Other derivatives are:

  • The feminine noun שבת (shebbet), which is difficult to translate but basically means cessation (Isaiah 30:7, Proverbs 20:3). Note the similarity between this noun and the noun שבת (shebet), meaning seat, mentioned above.
  • The masculine noun משבת (mishbat) also meaning cessation (Lamentations 1:7 only).
  • The denominative verb שבת (shabat) means to keep the Sabbath (Leviticus 23:32 and 25:2 only).
  • The masculine noun שבתון (shabbaton) denotes a sabbatical observance and is used in relation to keeping the Sabbath, the day of atonement (Leviticus 16:31), feast of trumpets (Leviticus 23:24) and the first and eighth day of the feast of booths (Leviticus 23:39).

שבה

The root-verb שבה (shaba) means to take captive (Numbers 24:22, 2 Chronicles 21:17), or in the words of HAW Theological Wordbook of the Old Testament: this verb "conveys the idea of a military or paramilitary force subduing a foe and then taking into their possession the men, women, children, cattle and wealth of the defeated party". In the New Testament this military term came to illustrate Jesus' redemptive mission of setting the captives [of sin] free (Luke 4:18, quoting Isaiah 61:1).

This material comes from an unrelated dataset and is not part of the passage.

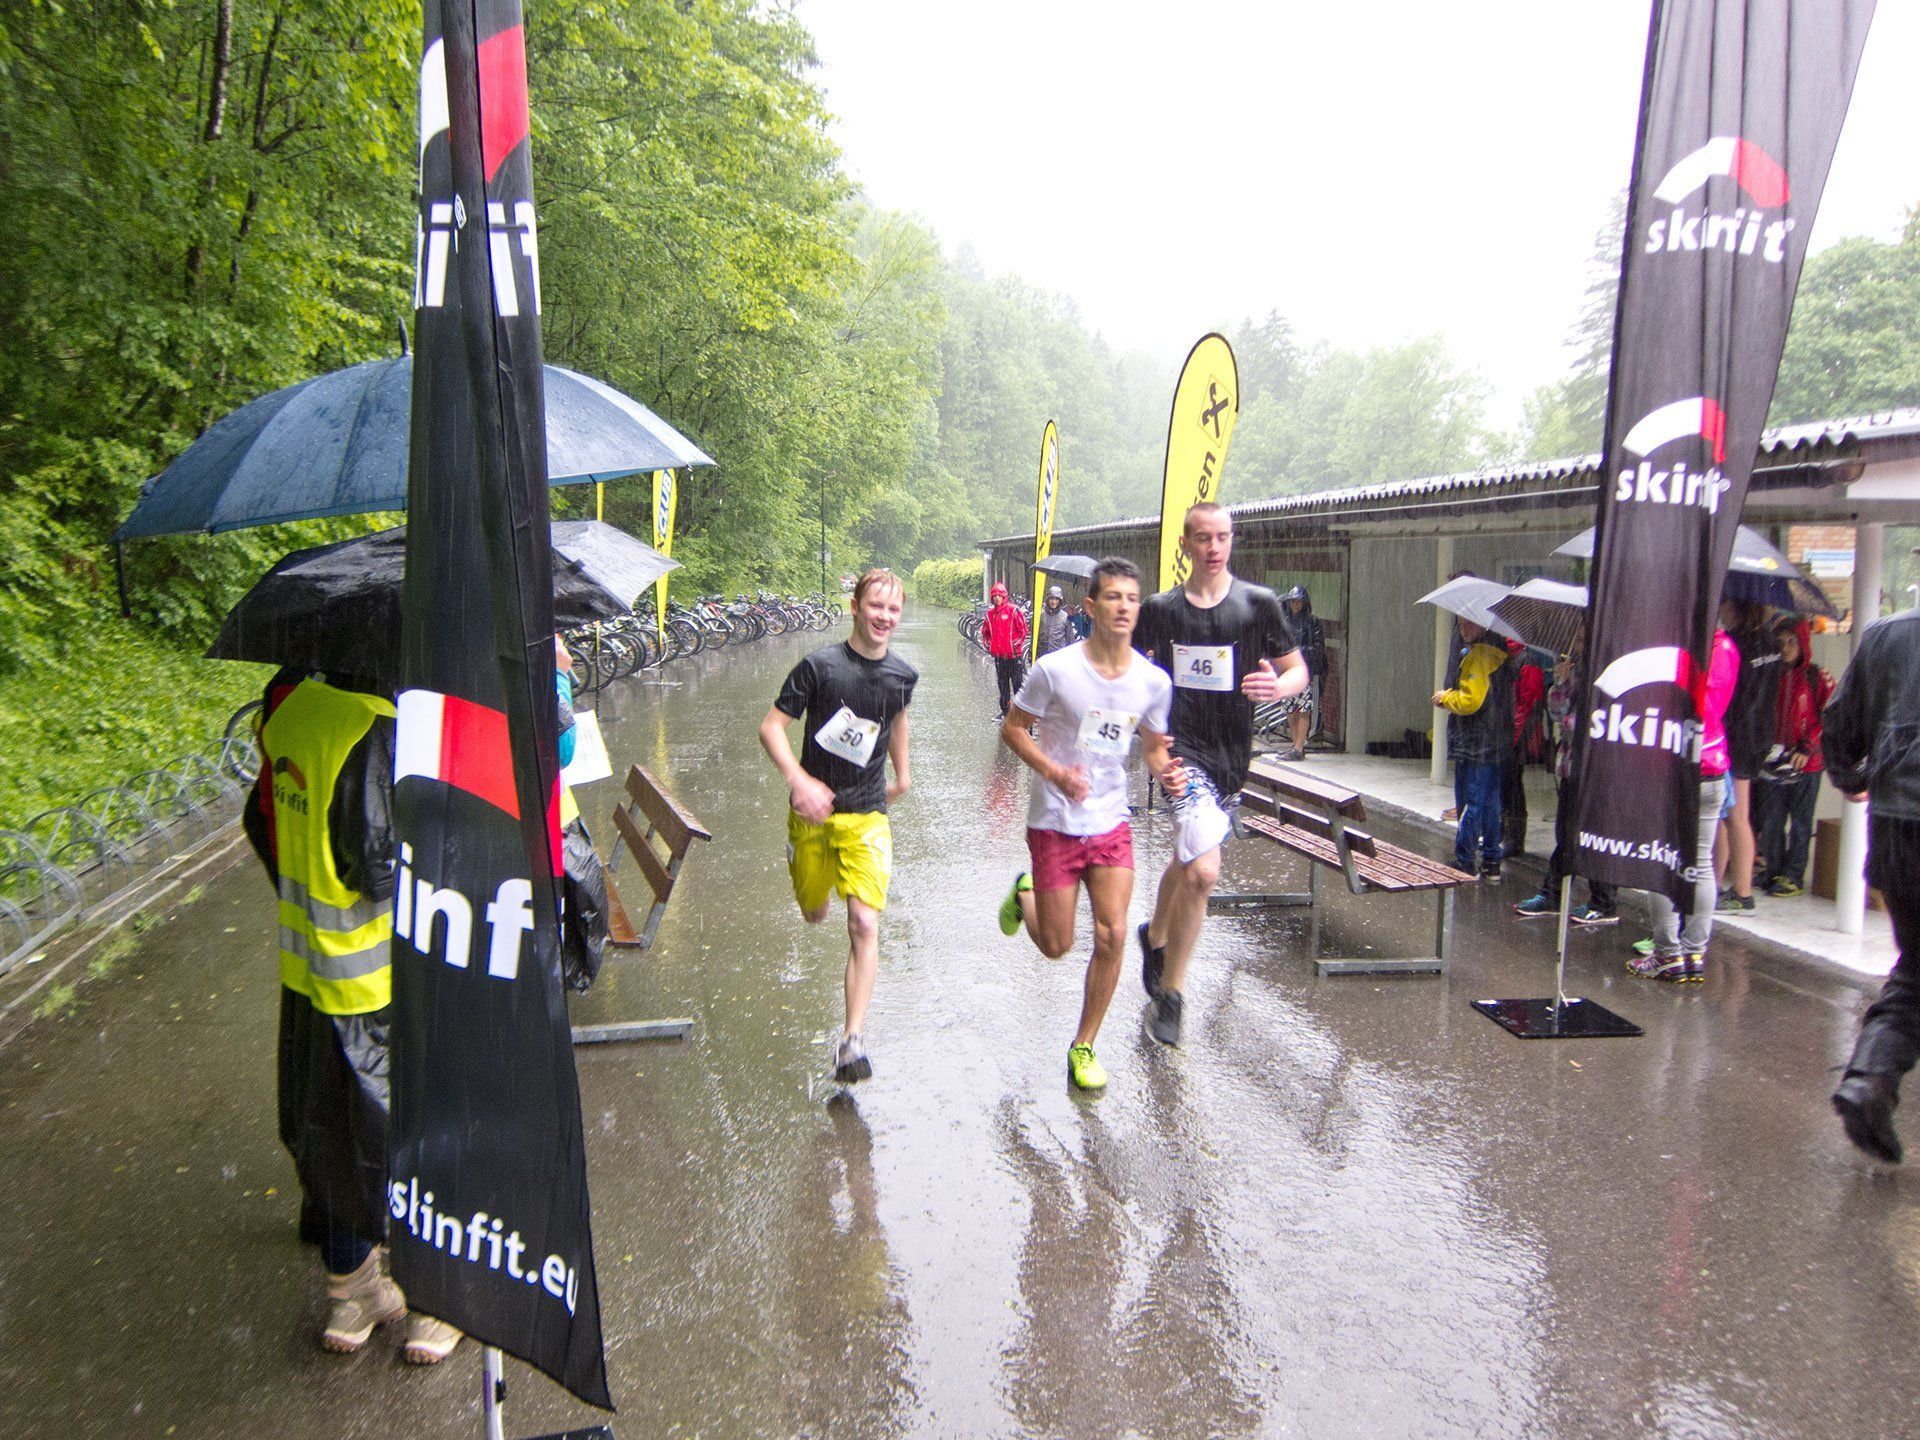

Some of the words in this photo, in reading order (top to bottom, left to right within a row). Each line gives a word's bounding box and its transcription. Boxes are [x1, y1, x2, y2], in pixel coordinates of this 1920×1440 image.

This verb's derivatives are:

  • The masculine noun שבי (shebi), meaning captivity (Nahum 3:10), the act of capture (Amos 4:10) or captives collectively (Exodus 12:29).
  • The feminine noun שביה (shebiya), meaning captive (Isaiah 52:2).
  • The feminine noun שביה (shibya), meaning captivity (Jeremiah 48:46) or captives collectively (Deuteronomy 21:11).
  • The feminine noun שבית (shebit) or שבות (shebut), meaning captivity (Numbers 21:29), or, curiously, restoration (Ezekiel 16:53, Job 42:10).
  • The feminine noun שבו (shebo), denoting some kind of gem stone that was put in the breastplate of the priestly ephod. Its derivation is uncertain. It may be a Hebrew transliteration of a foreign word, or perhaps this stone was known as a 'captivator' to the Hebrews.